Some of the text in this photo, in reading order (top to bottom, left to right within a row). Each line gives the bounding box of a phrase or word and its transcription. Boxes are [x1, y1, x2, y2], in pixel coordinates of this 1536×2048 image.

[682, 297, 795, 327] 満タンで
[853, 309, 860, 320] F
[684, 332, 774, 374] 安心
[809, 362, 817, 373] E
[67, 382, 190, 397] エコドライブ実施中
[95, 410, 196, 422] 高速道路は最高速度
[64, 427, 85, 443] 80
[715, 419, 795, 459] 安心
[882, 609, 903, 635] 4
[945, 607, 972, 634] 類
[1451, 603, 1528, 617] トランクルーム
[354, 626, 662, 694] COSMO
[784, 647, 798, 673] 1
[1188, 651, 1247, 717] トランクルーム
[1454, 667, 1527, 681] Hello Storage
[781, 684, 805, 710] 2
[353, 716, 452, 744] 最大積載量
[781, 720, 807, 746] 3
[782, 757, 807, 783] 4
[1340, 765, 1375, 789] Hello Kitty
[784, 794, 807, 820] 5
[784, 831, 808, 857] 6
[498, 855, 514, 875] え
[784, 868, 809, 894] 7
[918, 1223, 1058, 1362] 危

-=-=-=-=-

* ASSIGNMENT *
Each entry is to be retyped exactly as it appears.

* EXERCISE SOLUTION *
Some of the text in this photo, in reading order (top to bottom, left to right within a row). Each line gives the bounding box of a phrase or word and its transcription. Boxes are [x1, y1, x2, y2], in pixel coordinates of this 1536×2048 image.

[682, 297, 795, 327] 満タンで
[853, 309, 860, 320] F
[684, 332, 774, 374] 安心
[809, 362, 817, 373] E
[67, 382, 190, 397] エコドライブ実施中
[95, 410, 196, 422] 高速道路は最高速度
[64, 427, 85, 443] 80
[715, 419, 795, 459] 安心
[882, 609, 903, 635] 4
[945, 607, 972, 634] 類
[1451, 603, 1528, 617] トランクルーム
[354, 626, 662, 694] COSMO
[784, 647, 798, 673] 1
[1188, 651, 1247, 717] トランクルーム
[1454, 667, 1527, 681] Hello Storage
[781, 684, 805, 710] 2
[353, 716, 452, 744] 最大積載量
[781, 720, 807, 746] 3
[782, 757, 807, 783] 4
[1340, 765, 1375, 789] Hello Kitty
[784, 794, 807, 820] 5
[784, 831, 808, 857] 6
[498, 855, 514, 875] え
[784, 868, 809, 894] 7
[918, 1223, 1058, 1362] 危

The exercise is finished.